==== THE INPUT ====
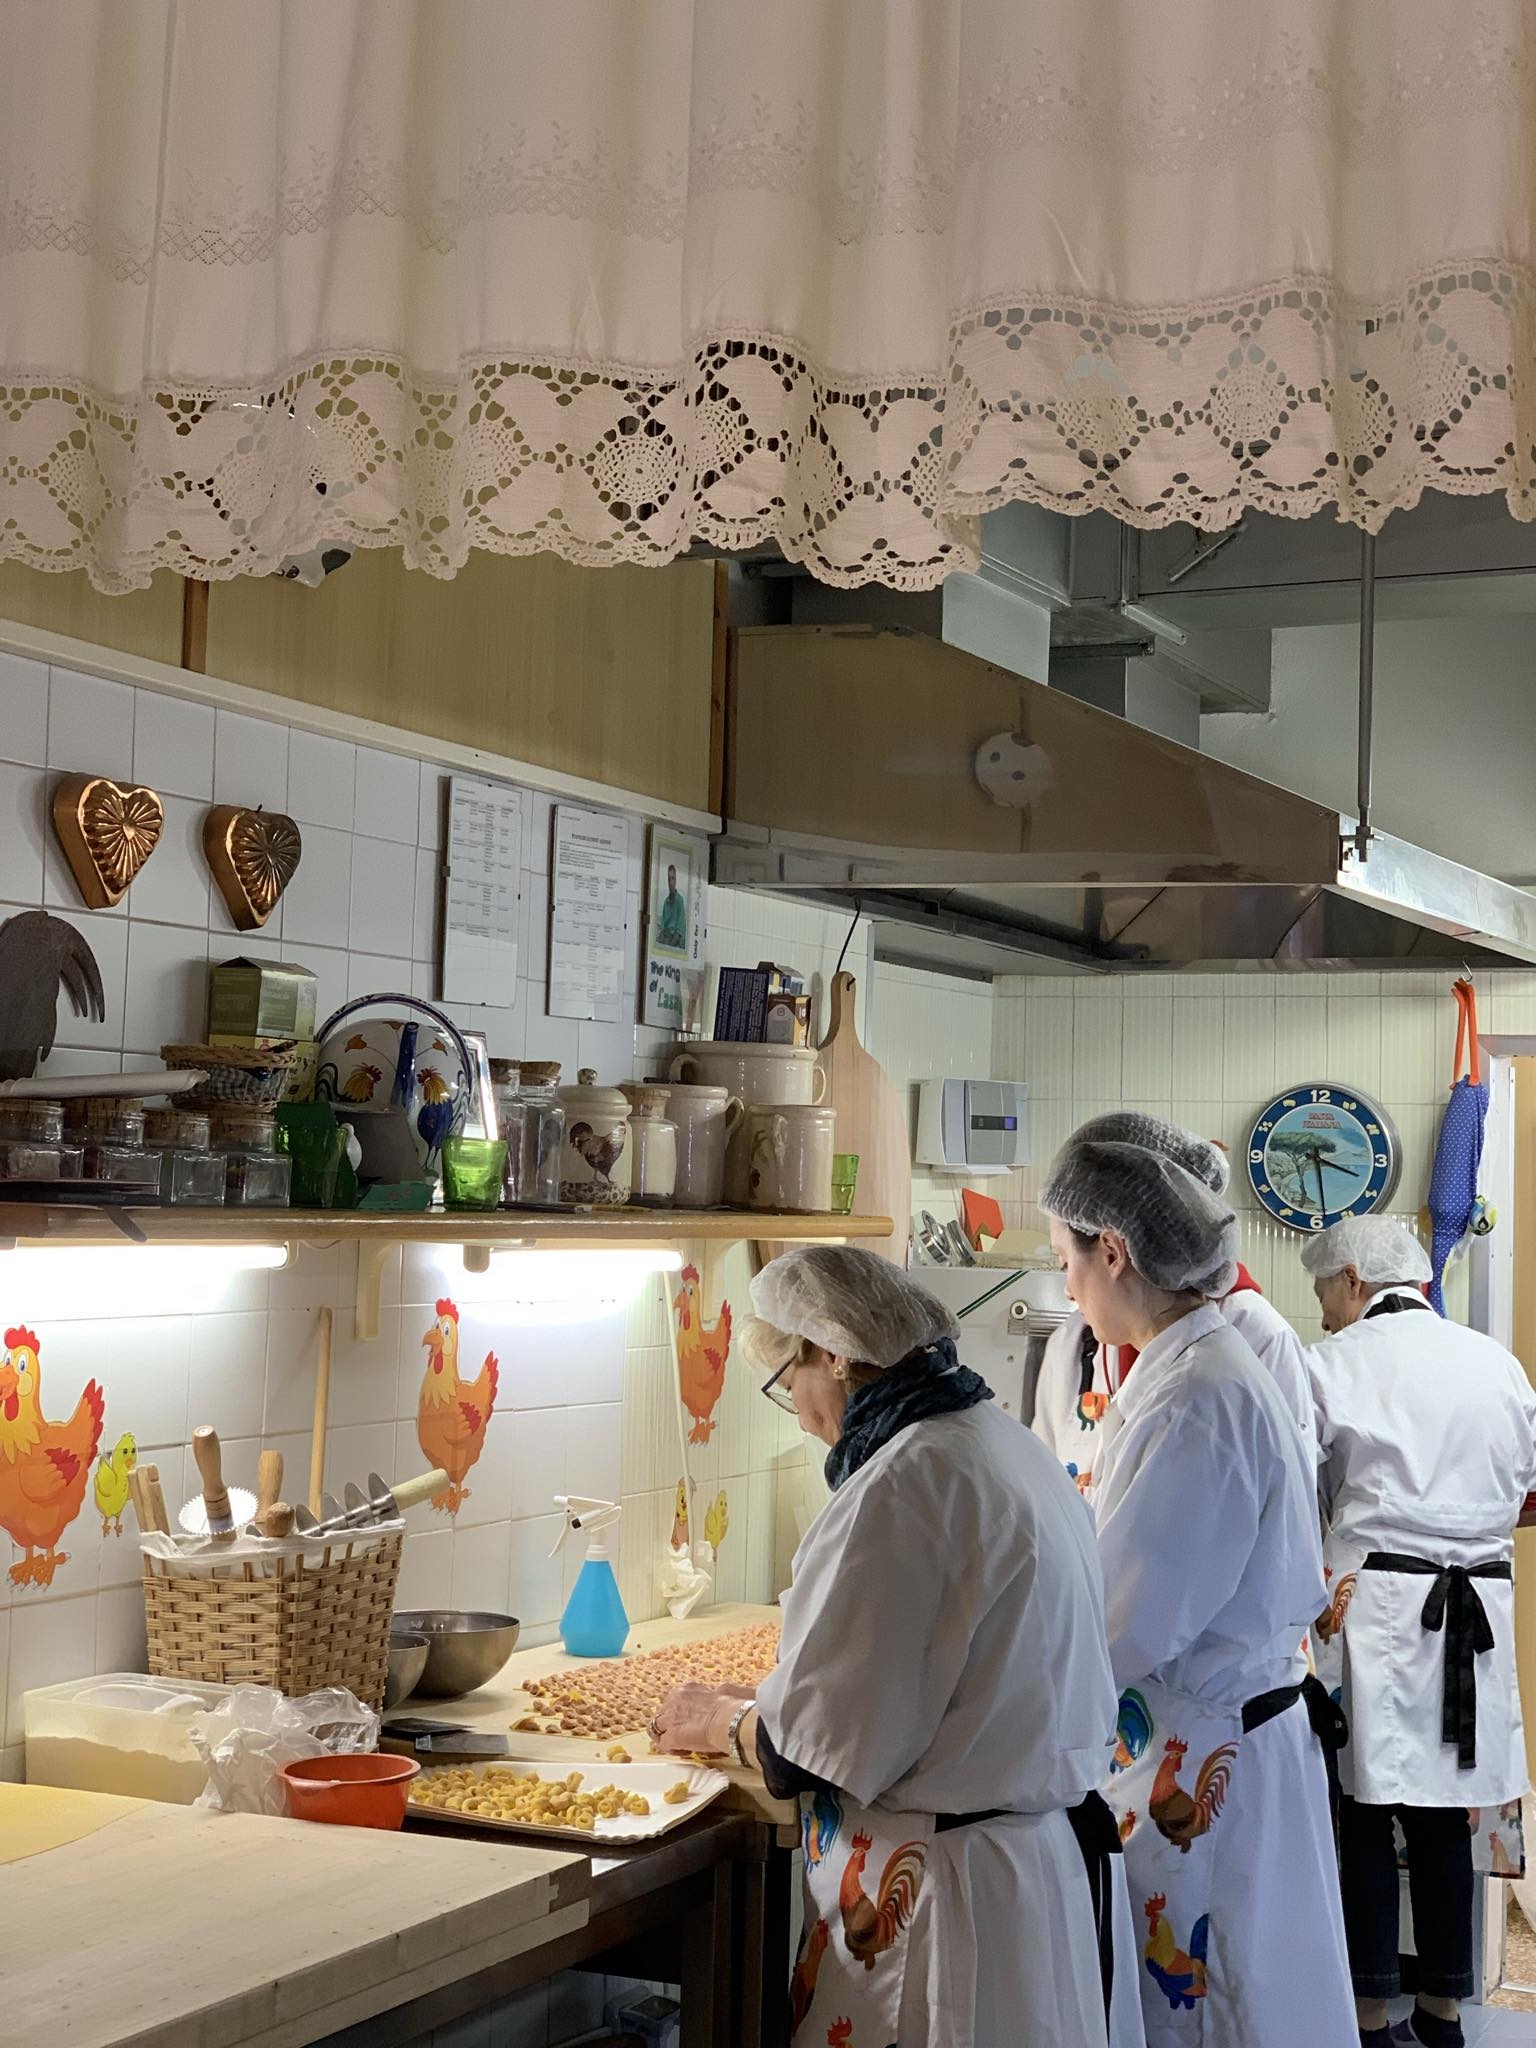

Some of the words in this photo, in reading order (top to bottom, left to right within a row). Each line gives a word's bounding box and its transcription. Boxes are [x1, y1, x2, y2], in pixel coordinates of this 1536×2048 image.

[650, 961, 664, 976] The
[665, 964, 681, 983] King
[649, 978, 659, 992] of
[1310, 1089, 1331, 1103] 12
[1308, 1112, 1334, 1120] PASTA
[1302, 1120, 1341, 1129] ITALIANA
[1250, 1149, 1264, 1163] 9
[1374, 1153, 1388, 1167] 3
[1309, 1215, 1323, 1229] 6
====
> **WORK TO COMPLETE**
Every record is to be restated word for word, with the pictures left out.

> **OUTPUT**
Some of the words in this photo, in reading order (top to bottom, left to right within a row). Each line gives a word's bounding box and its transcription. Boxes are [x1, y1, x2, y2], in pixel coordinates of this 1536×2048 image.

[650, 961, 664, 976] The
[665, 964, 681, 983] King
[649, 978, 659, 992] of
[1310, 1089, 1331, 1103] 12
[1308, 1112, 1334, 1120] PASTA
[1302, 1120, 1341, 1129] ITALIANA
[1250, 1149, 1264, 1163] 9
[1374, 1153, 1388, 1167] 3
[1309, 1215, 1323, 1229] 6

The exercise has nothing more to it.